Elsewhere in the under-grid, Optimus Primal was making his way through access shaft 7-0-0-1-0-7, which went straight down for almost a mega-mile. He passed a multitude of tunnels during his descent that led onto the meandering maintenance levels, signifying there might have once been a lift before this section was decommissioned. Fortunately, his beast mode was designed for climbing, and his size meant the next improvised handhold was never too far from his reach. Unfortunately, however, there is a sorry fact about forgotten structures like these—the further in one goes, the less secure they tend to be. Past junction B-7, the results of those many years of neglect were at their most apparent.

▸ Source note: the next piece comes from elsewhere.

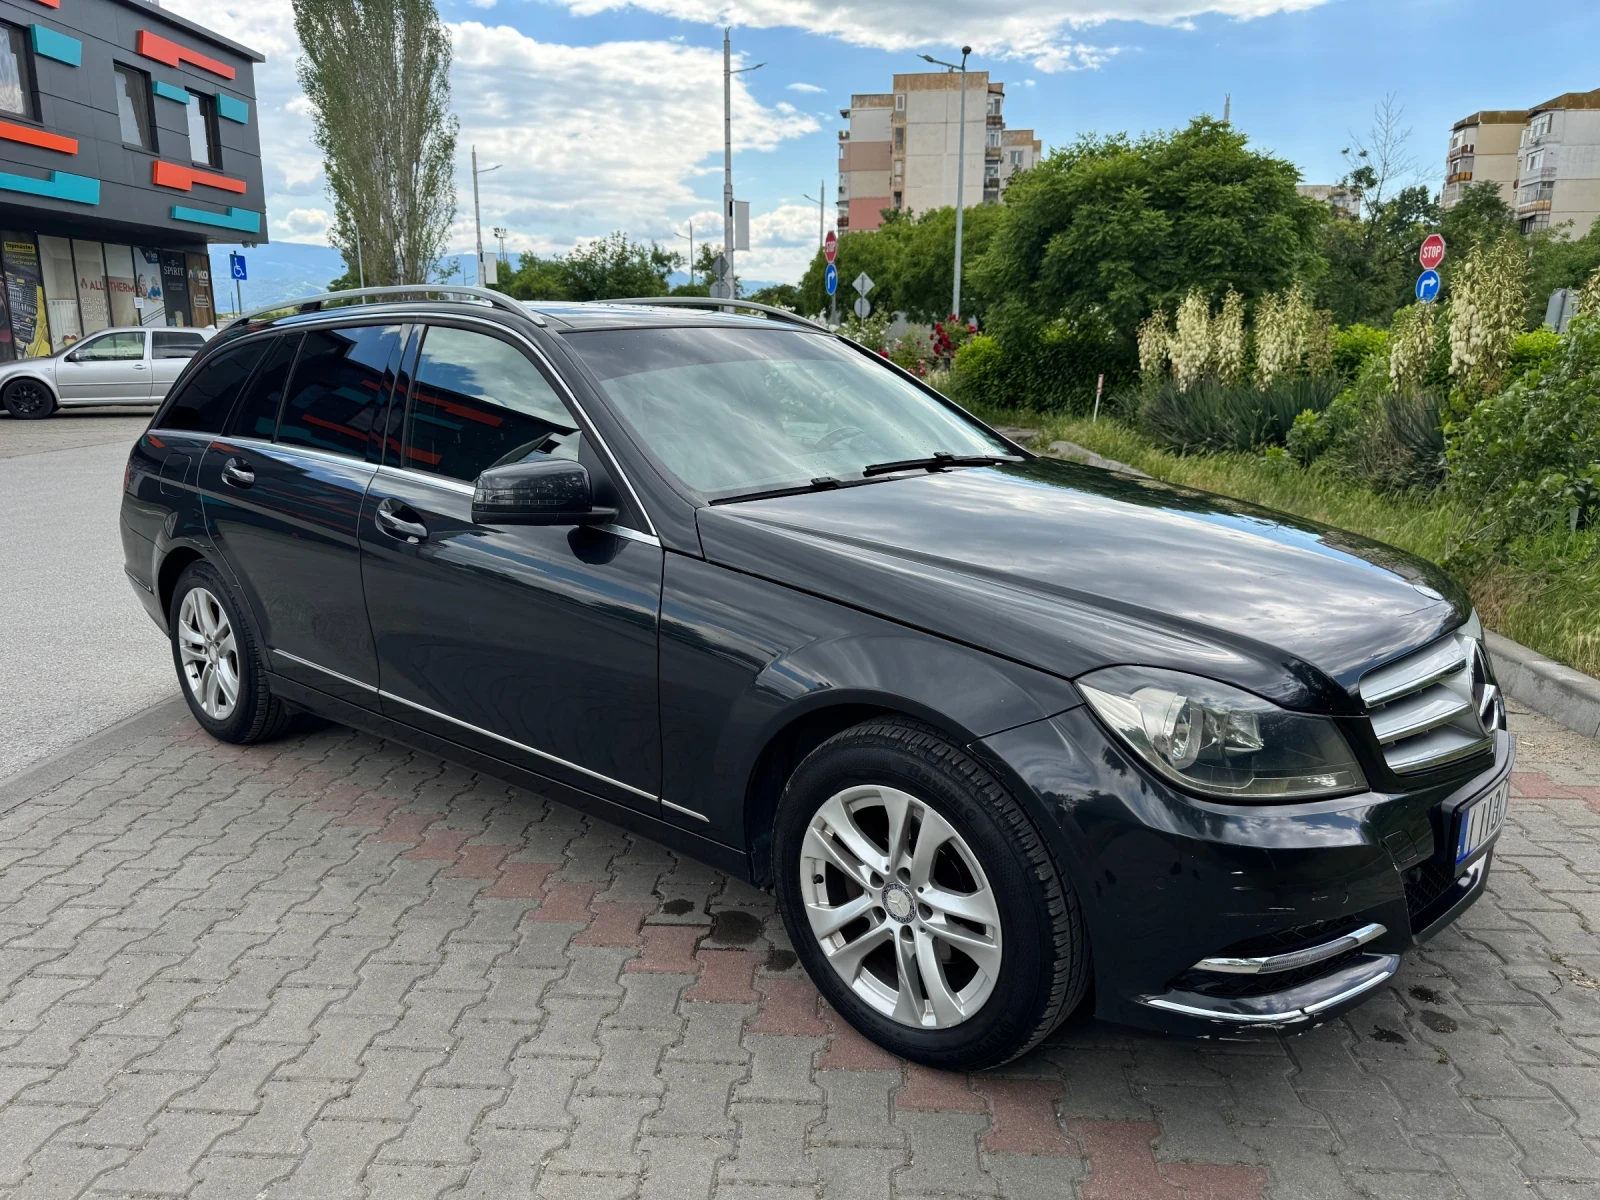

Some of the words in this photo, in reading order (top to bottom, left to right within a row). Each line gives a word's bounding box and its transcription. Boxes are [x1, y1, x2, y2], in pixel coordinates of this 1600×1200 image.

[6, 242, 33, 250] topmaster
[1422, 246, 1442, 259] STOP
[163, 265, 184, 276] SPIRIT
[109, 281, 135, 293] THERM
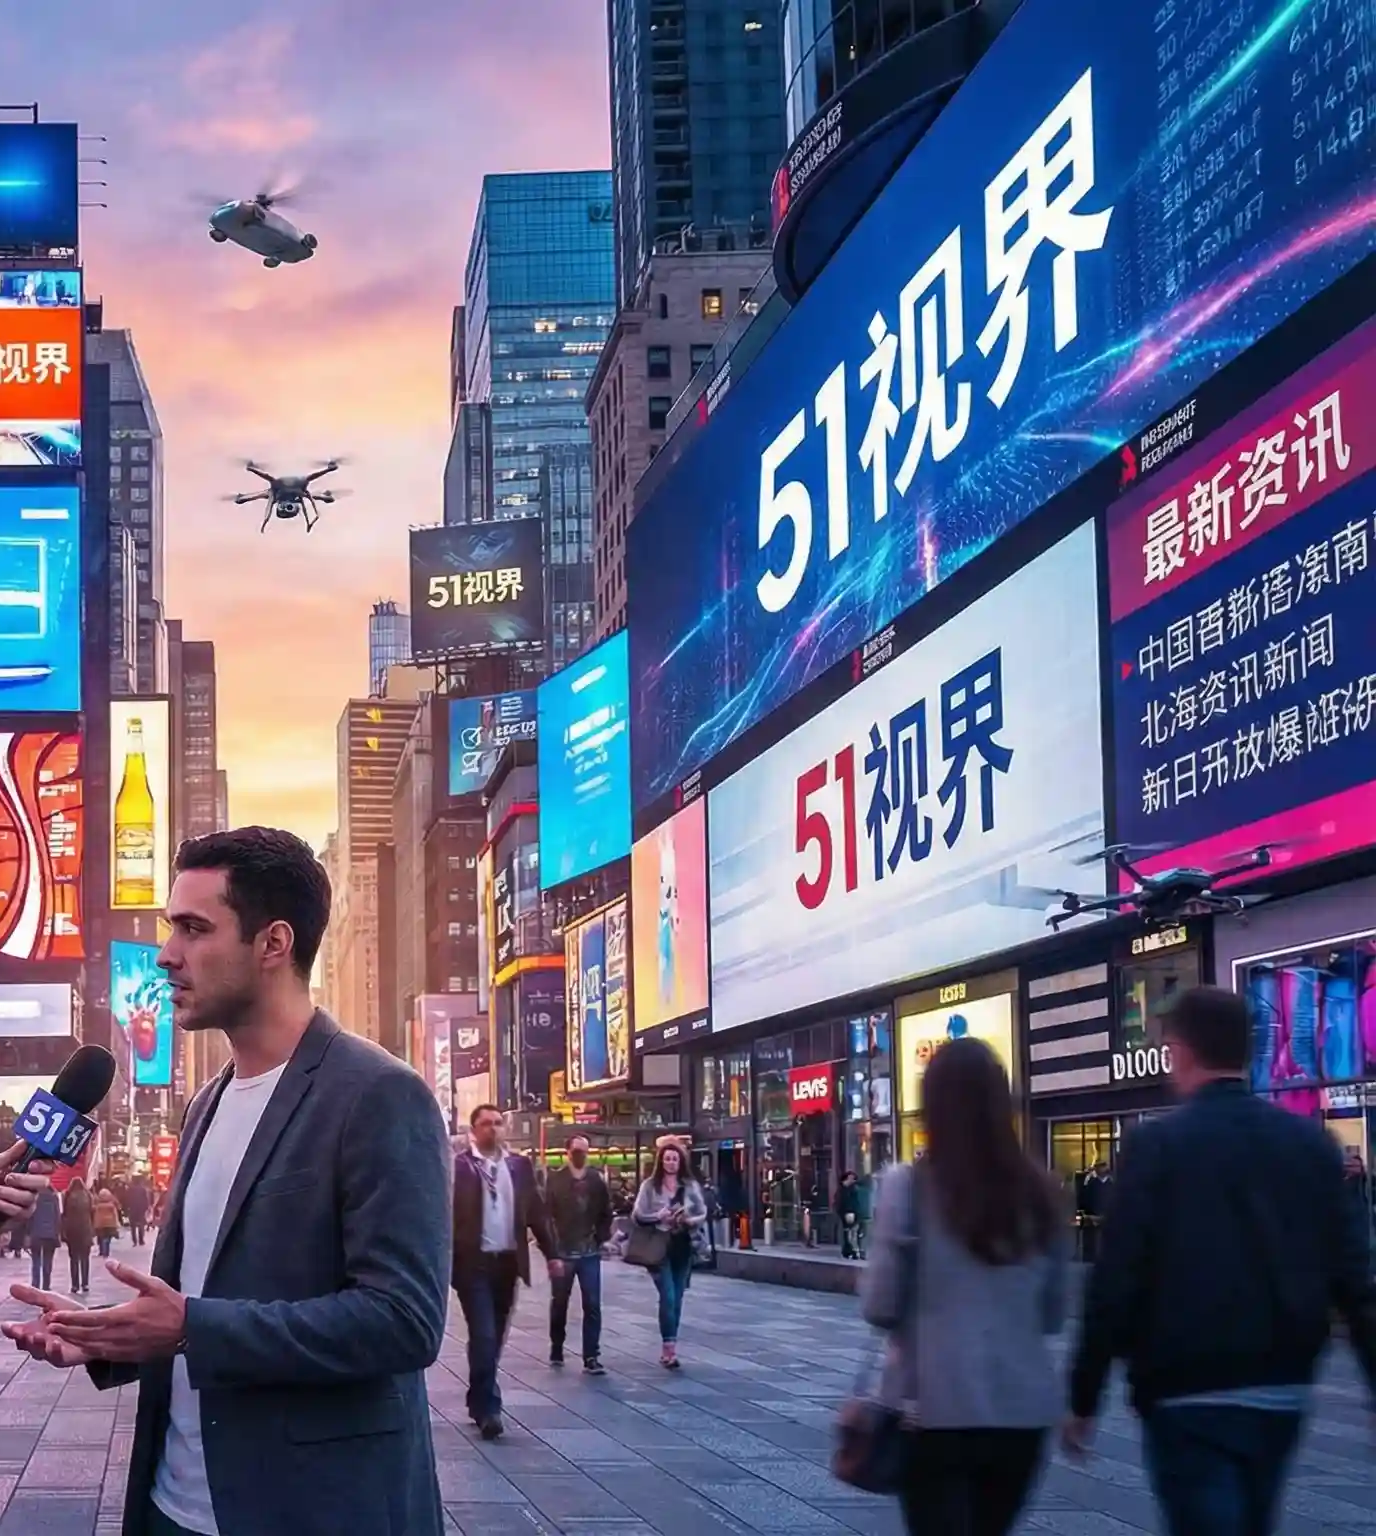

          This part of the shaft was smooth, mostly void of useful protuberances, and devoid of light, necessitating Optimus activating his optic lamps. Looking around, he found a narrow ledge, probably meant for workers to alight on while they repaired any damage in the conduit relays behind the inner wall, but the moment he grasped it and settled his weight, he heard a stomach-lurching crack. A sizeable chunk of the ledge broke away in his paw. Optimus cried out, scrabbled for purchase, and found none. He transformed to his airborne mode, but the angle of his fall and the narrow width of his environment made it impossible to correct himself. He bounced off the rounded surface of the shaft several times, which forced him back to his previous configuration, and at long last, he hit the bottom, gave a groan, and lost consciousness.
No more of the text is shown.